**Work request:** Make an exact copy of all the records that follow, apart from the pictures.

**Data provided:**
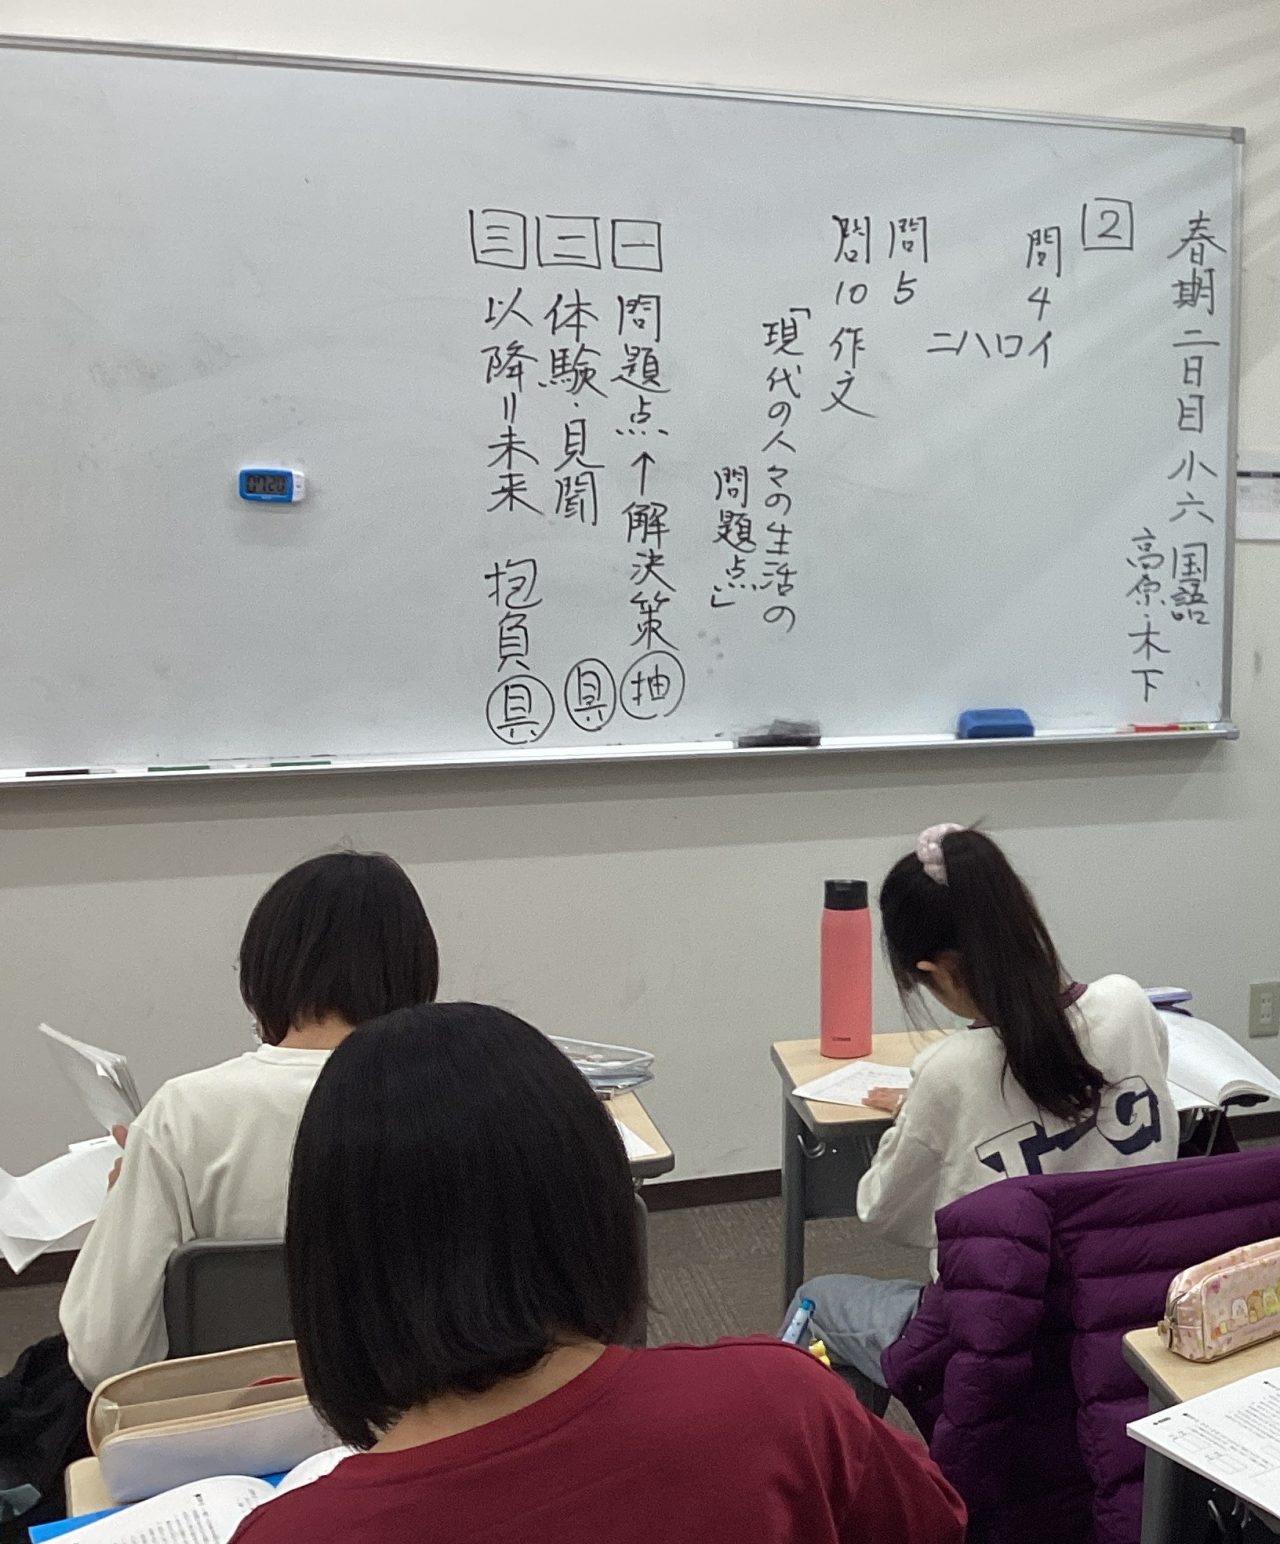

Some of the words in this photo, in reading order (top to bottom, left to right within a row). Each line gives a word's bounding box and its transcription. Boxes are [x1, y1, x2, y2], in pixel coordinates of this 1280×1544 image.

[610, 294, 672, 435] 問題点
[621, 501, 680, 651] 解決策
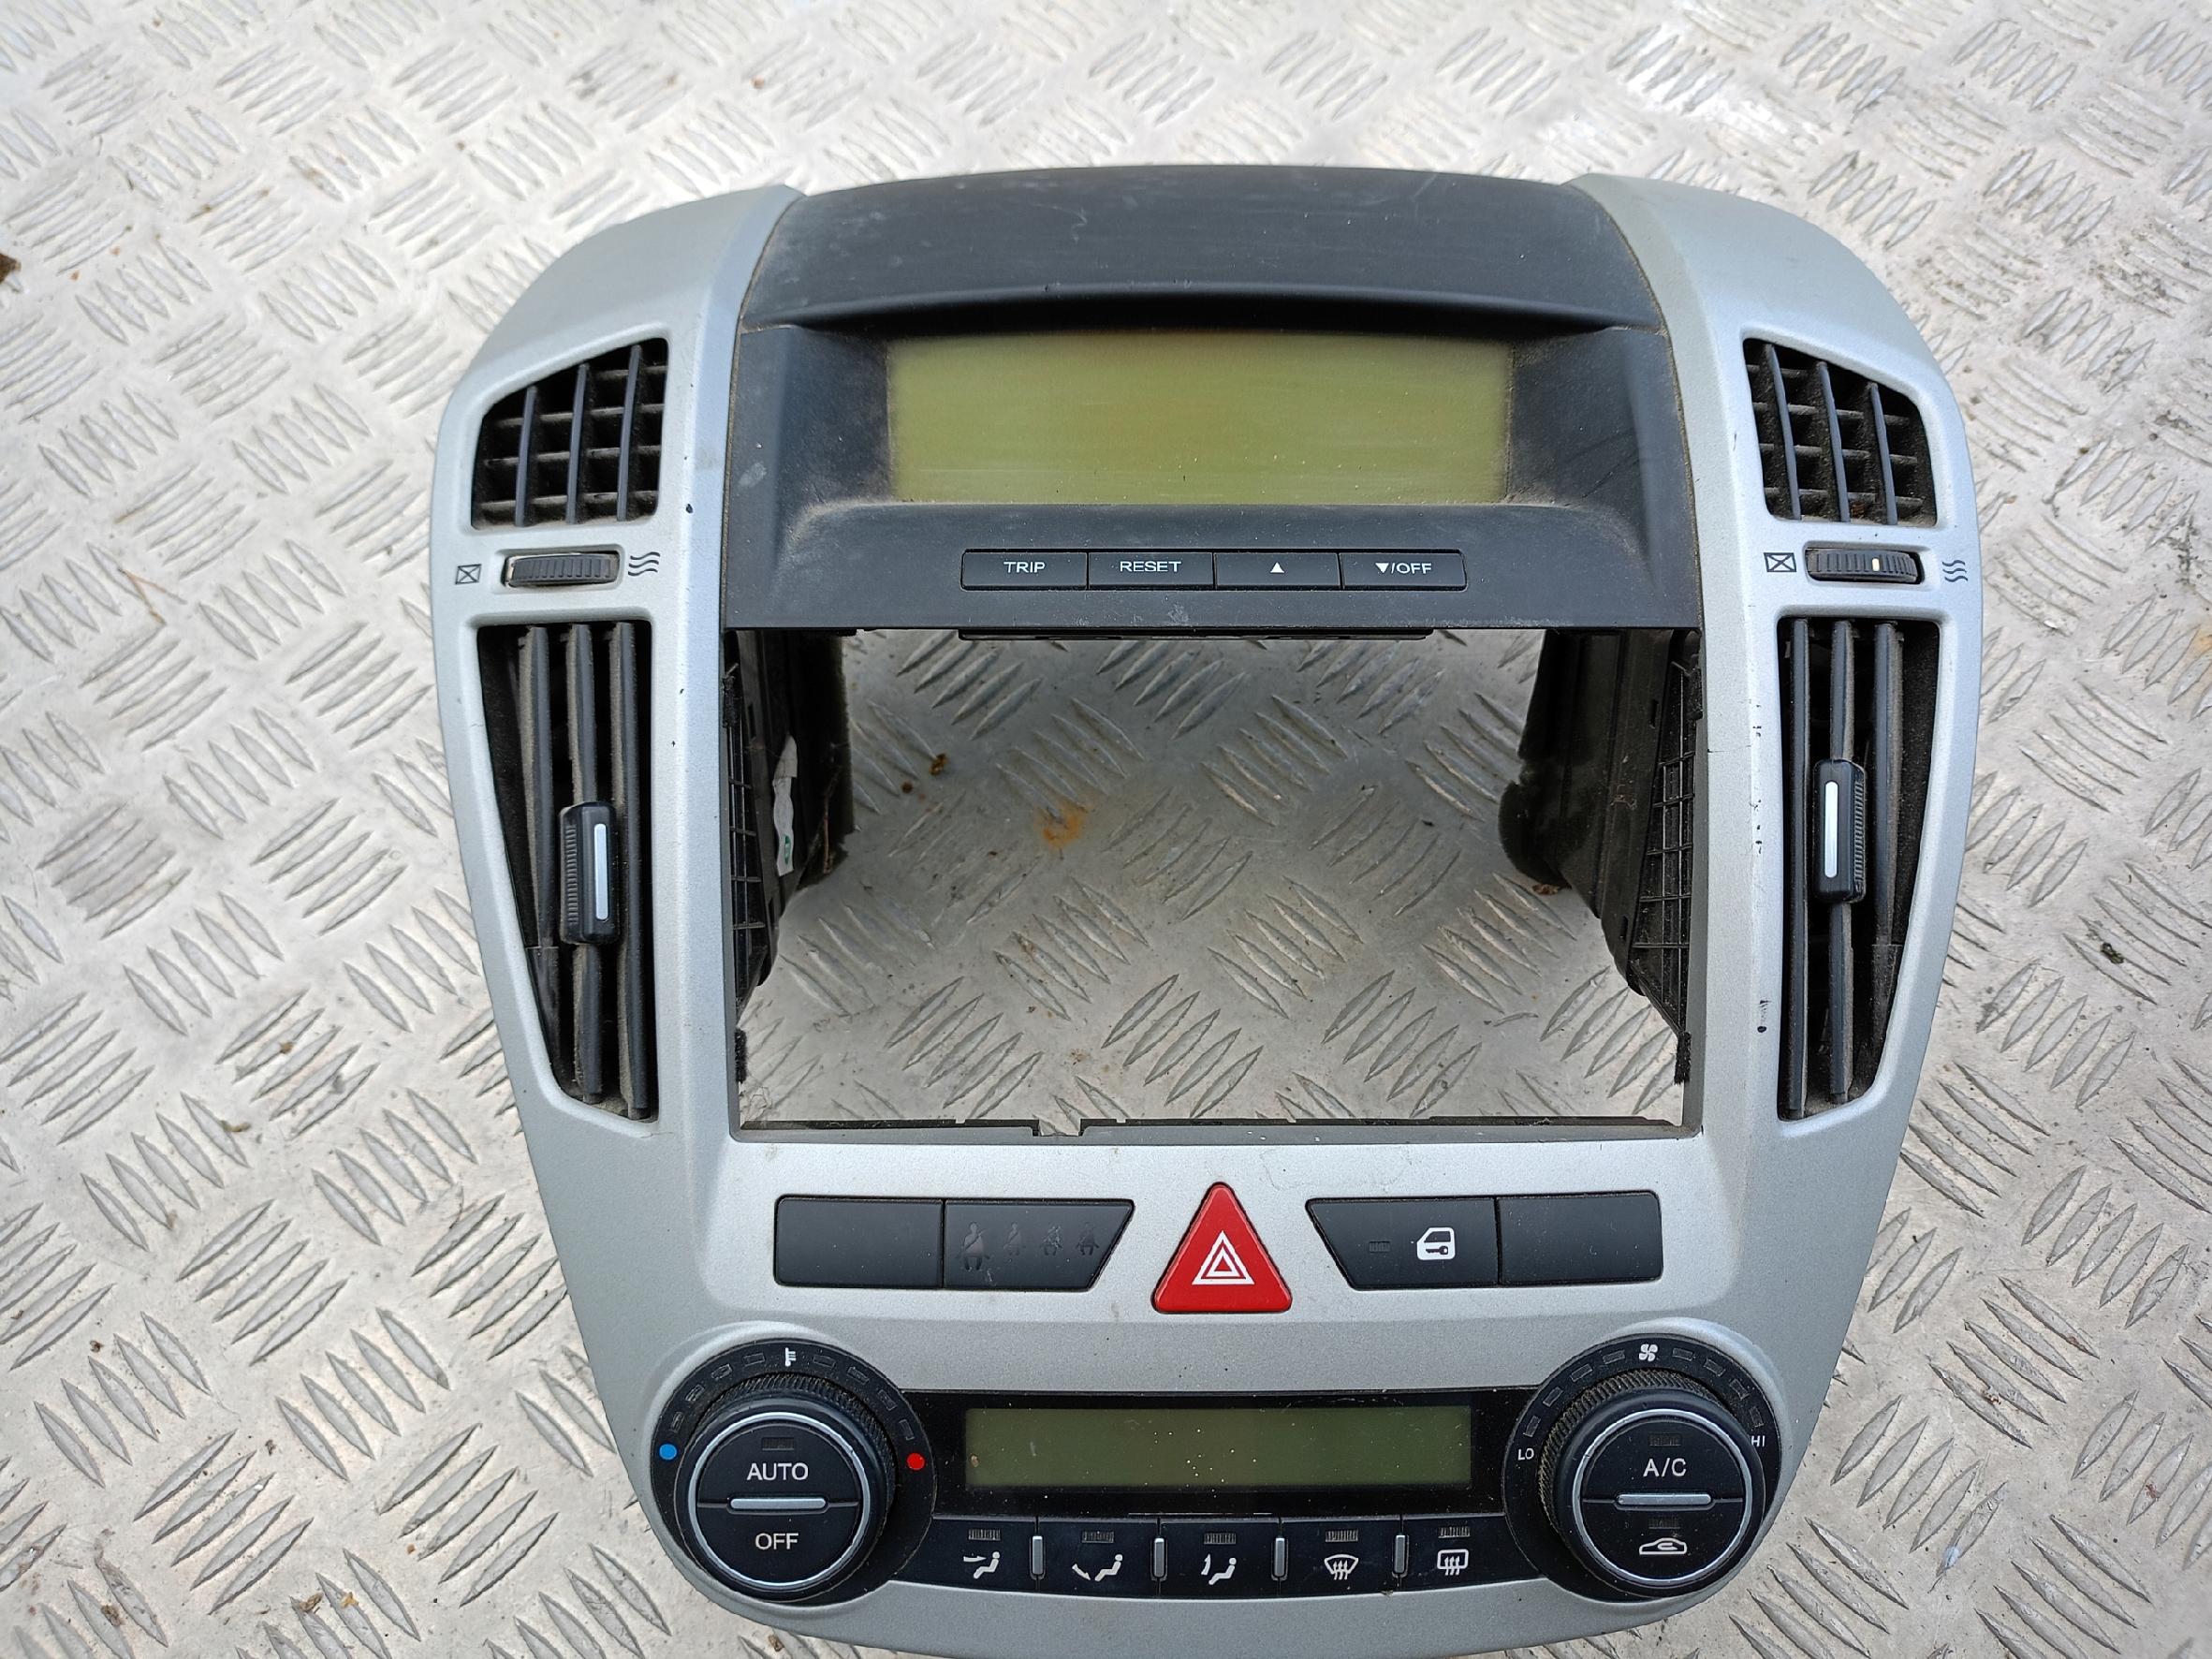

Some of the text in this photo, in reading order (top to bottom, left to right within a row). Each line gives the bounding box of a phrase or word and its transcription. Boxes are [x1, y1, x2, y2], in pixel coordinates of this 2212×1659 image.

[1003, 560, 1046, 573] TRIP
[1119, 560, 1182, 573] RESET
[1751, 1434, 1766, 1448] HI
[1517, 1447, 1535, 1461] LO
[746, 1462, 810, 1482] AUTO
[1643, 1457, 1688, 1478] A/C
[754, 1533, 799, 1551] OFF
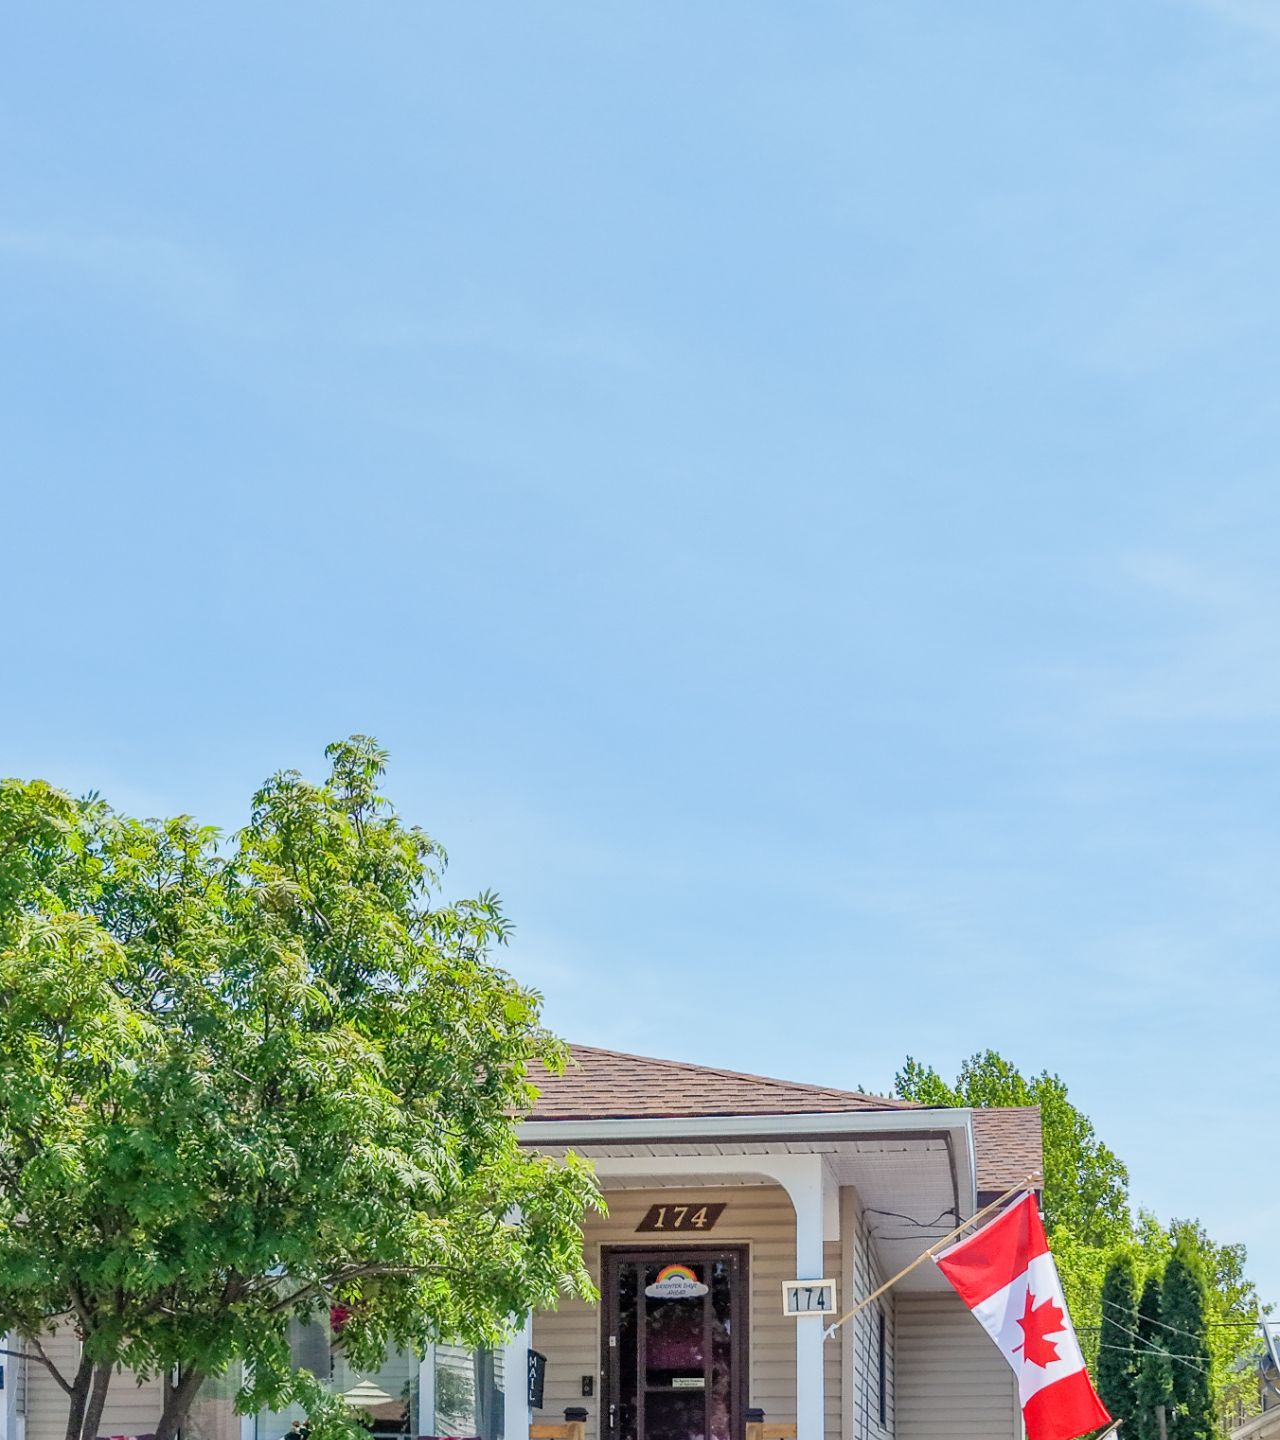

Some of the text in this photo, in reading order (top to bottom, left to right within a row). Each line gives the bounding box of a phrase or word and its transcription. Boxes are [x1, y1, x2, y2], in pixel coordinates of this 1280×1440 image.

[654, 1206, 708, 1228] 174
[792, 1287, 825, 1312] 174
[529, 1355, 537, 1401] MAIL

**Result:**
Some of the words in this photo, in reading order (top to bottom, left to right within a row). Each line gives a word's bounding box and its transcription. Boxes are [x1, y1, x2, y2], in pixel coordinates of this 1280×1544 image.

[610, 294, 672, 435] 問題点
[621, 501, 680, 651] 解決策

Some of the text in this photo, in reading order (top to bottom, left to right within a row). Each line gives the bounding box of a phrase or word and its transcription. Boxes are [x1, y1, x2, y2], in pixel coordinates of this 2212×1659 image.

[1003, 560, 1046, 573] TRIP
[1119, 560, 1182, 573] RESET
[1751, 1434, 1766, 1448] HI
[1517, 1447, 1535, 1461] LO
[746, 1462, 810, 1482] AUTO
[1643, 1457, 1688, 1478] A/C
[754, 1533, 799, 1551] OFF

Some of the text in this photo, in reading order (top to bottom, left to right within a row). Each line gives the bounding box of a phrase or word and its transcription. Boxes are [x1, y1, x2, y2], in pixel coordinates of this 1280×1440 image.

[654, 1206, 708, 1228] 174
[792, 1287, 825, 1312] 174
[529, 1355, 537, 1401] MAIL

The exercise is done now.